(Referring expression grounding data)
□ □ □

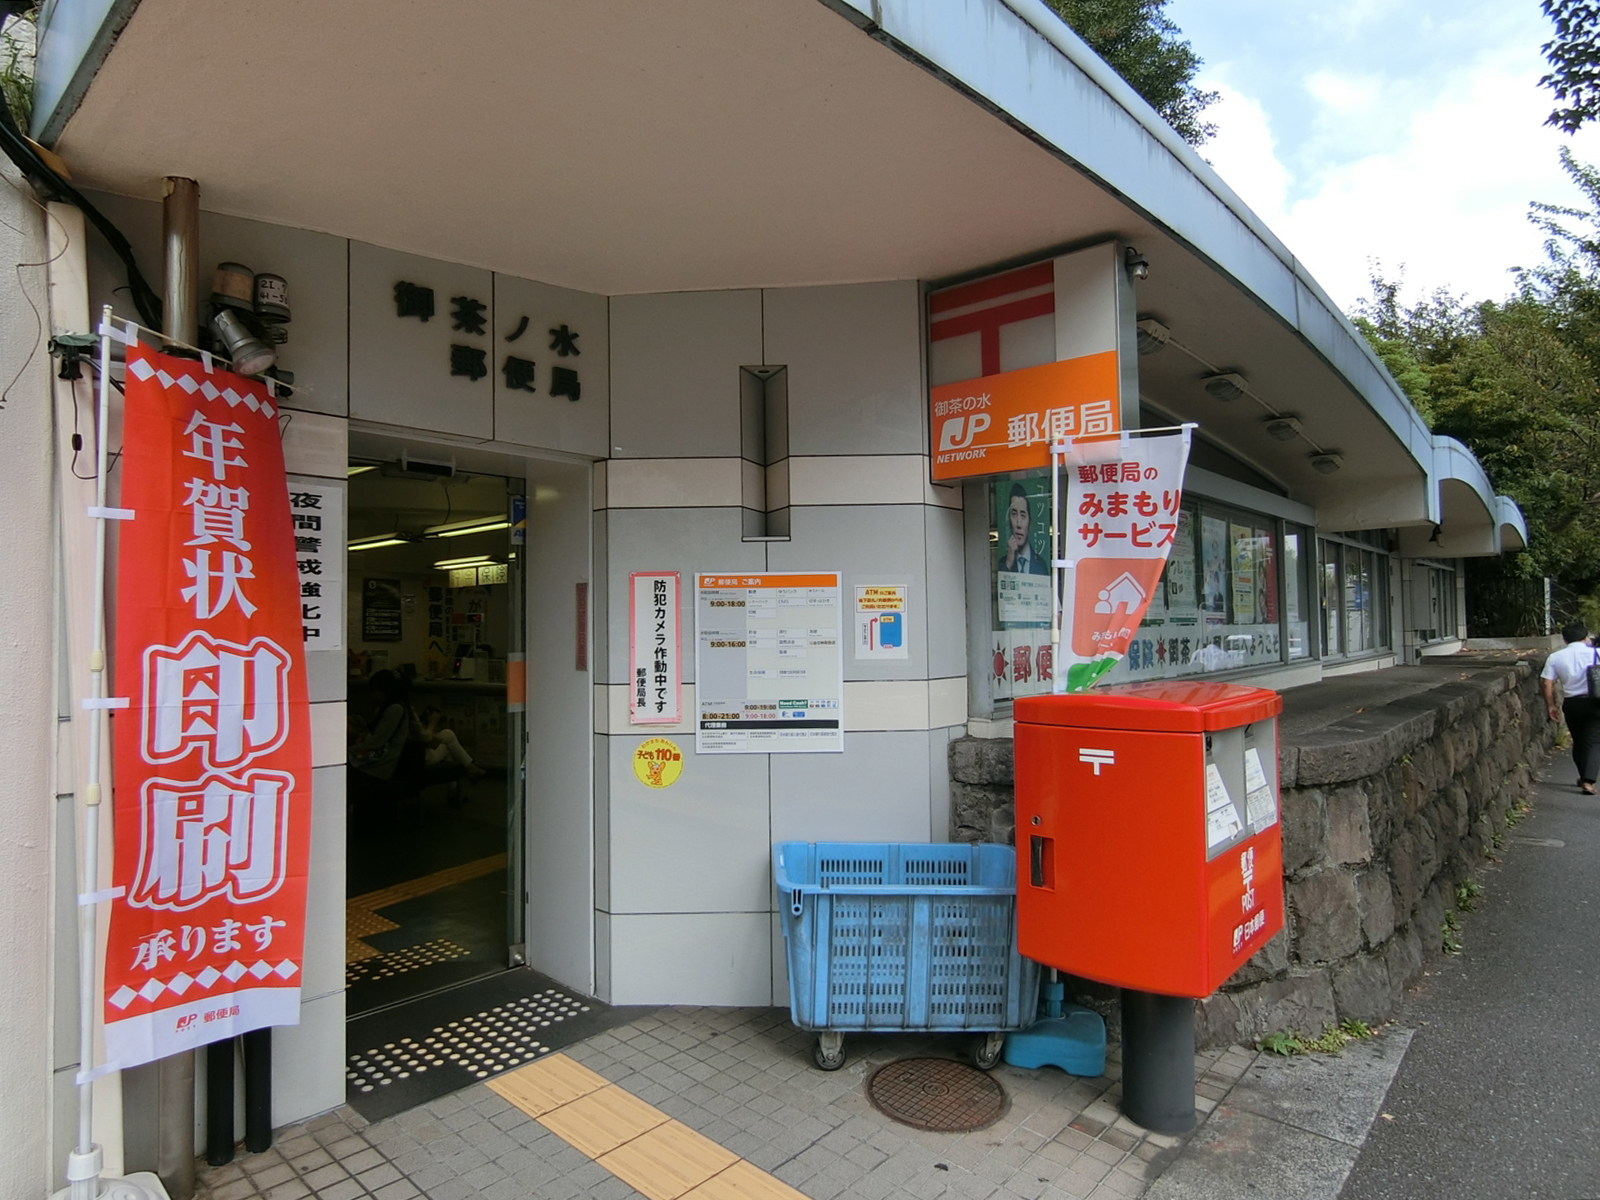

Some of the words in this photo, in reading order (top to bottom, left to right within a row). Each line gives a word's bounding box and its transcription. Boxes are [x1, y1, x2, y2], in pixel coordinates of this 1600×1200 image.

[394, 280, 581, 357] 御茶ノ水
[451, 344, 581, 401] 郵便局
[934, 393, 991, 418] 御茶の水
[1007, 400, 1113, 449] 郵便局
[936, 448, 987, 465] NETWORK
[1078, 462, 1158, 484] 郵便局の
[181, 409, 258, 619] 年賀状
[1078, 489, 1181, 518] みまもり
[1078, 522, 1178, 548] サービス
[710, 600, 746, 608] 9:00-18:00
[653, 579, 668, 714] 防犯カメラ作動中です
[710, 640, 746, 648] 9:00-16:00
[636, 667, 647, 708] 郵便局長
[131, 631, 294, 911] 印刷
[1241, 888, 1255, 914] POST
[130, 915, 286, 971] 承ります
[203, 1005, 240, 1023] 郵便局
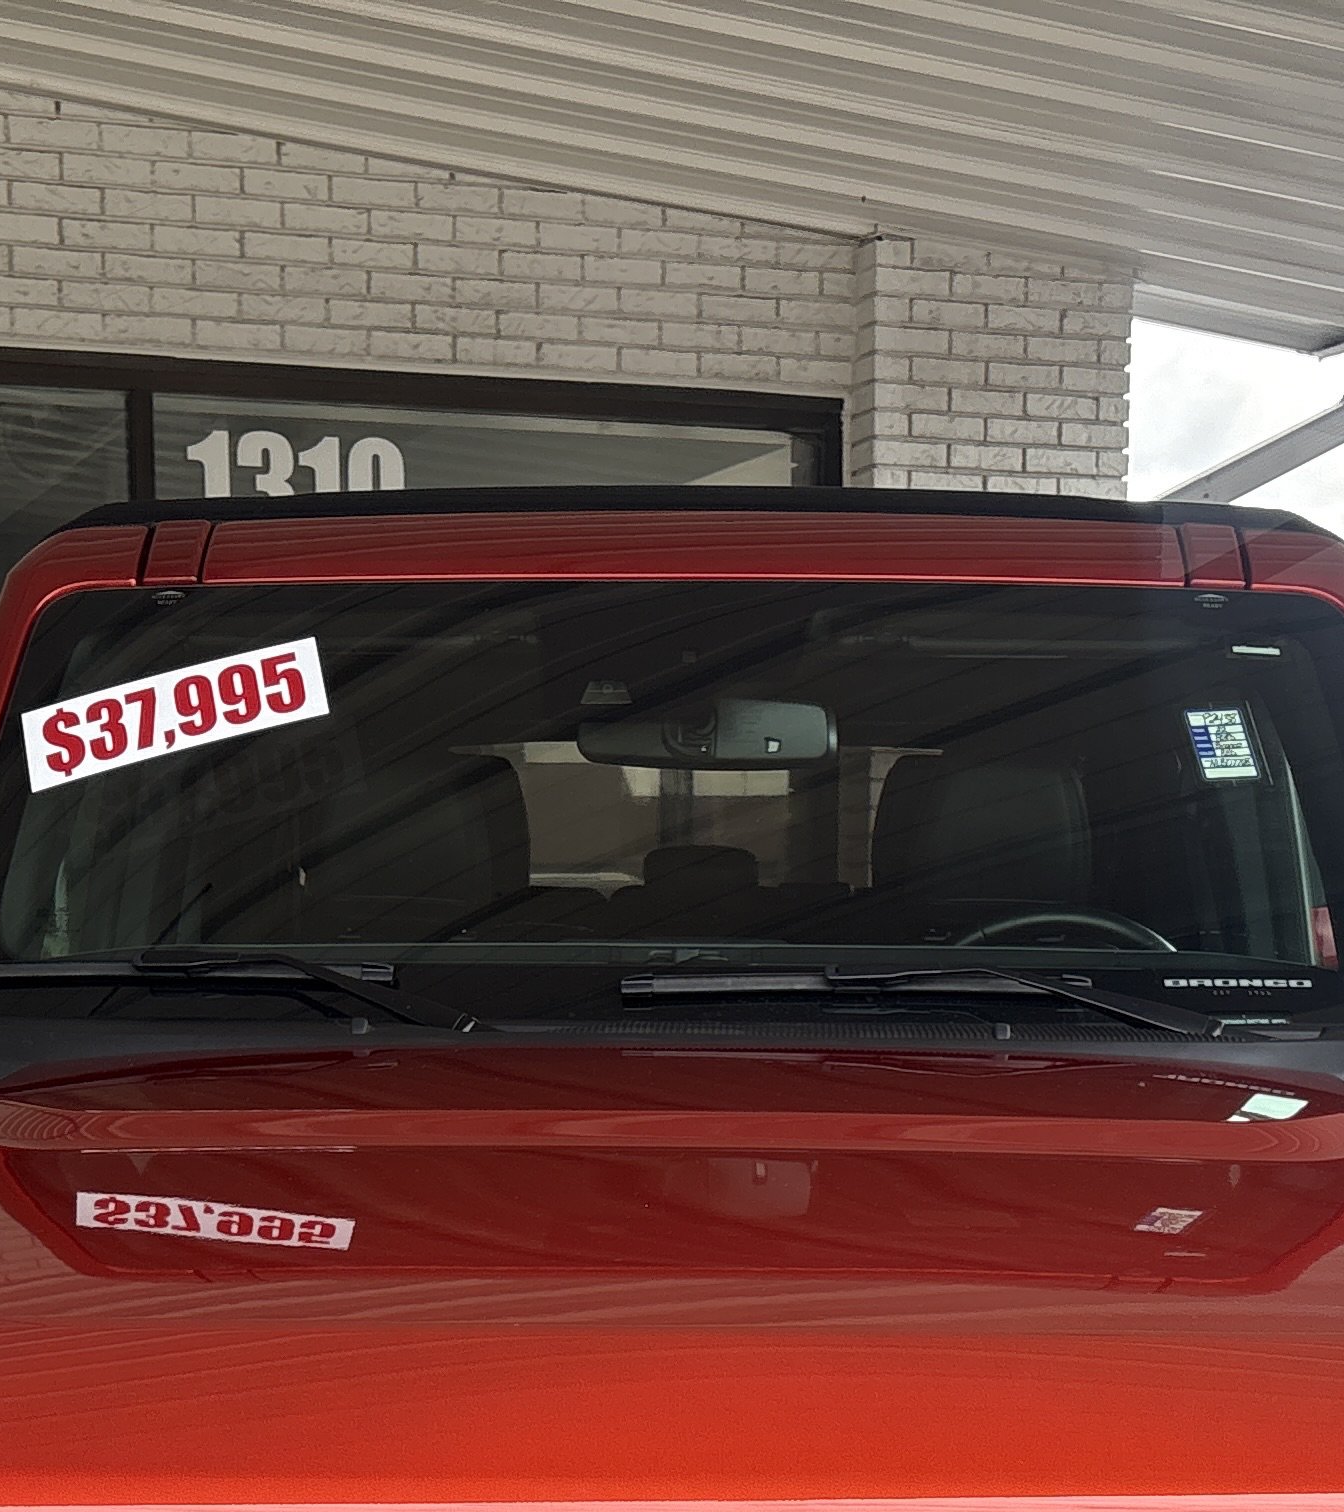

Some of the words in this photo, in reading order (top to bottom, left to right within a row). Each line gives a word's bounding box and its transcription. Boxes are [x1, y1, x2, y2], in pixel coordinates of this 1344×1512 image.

[186, 429, 406, 498] 1310
[42, 651, 307, 777] $37,995
[1163, 978, 1313, 988] BRONCO

□ □ □

• **Exercise prompt**: Without including any picture, print every record exactly as written above.

• **Answer**:
Some of the words in this photo, in reading order (top to bottom, left to right within a row). Each line gives a word's bounding box and its transcription. Boxes are [x1, y1, x2, y2], in pixel coordinates of this 1600×1200 image.

[394, 280, 581, 357] 御茶ノ水
[451, 344, 581, 401] 郵便局
[934, 393, 991, 418] 御茶の水
[1007, 400, 1113, 449] 郵便局
[936, 448, 987, 465] NETWORK
[1078, 462, 1158, 484] 郵便局の
[181, 409, 258, 619] 年賀状
[1078, 489, 1181, 518] みまもり
[1078, 522, 1178, 548] サービス
[710, 600, 746, 608] 9:00-18:00
[653, 579, 668, 714] 防犯カメラ作動中です
[710, 640, 746, 648] 9:00-16:00
[636, 667, 647, 708] 郵便局長
[131, 631, 294, 911] 印刷
[1241, 888, 1255, 914] POST
[130, 915, 286, 971] 承ります
[203, 1005, 240, 1023] 郵便局

Some of the words in this photo, in reading order (top to bottom, left to right within a row). Each line gives a word's bounding box and its transcription. Boxes are [x1, y1, x2, y2], in pixel coordinates of this 1344×1512 image.

[186, 429, 406, 498] 1310
[42, 651, 307, 777] $37,995
[1163, 978, 1313, 988] BRONCO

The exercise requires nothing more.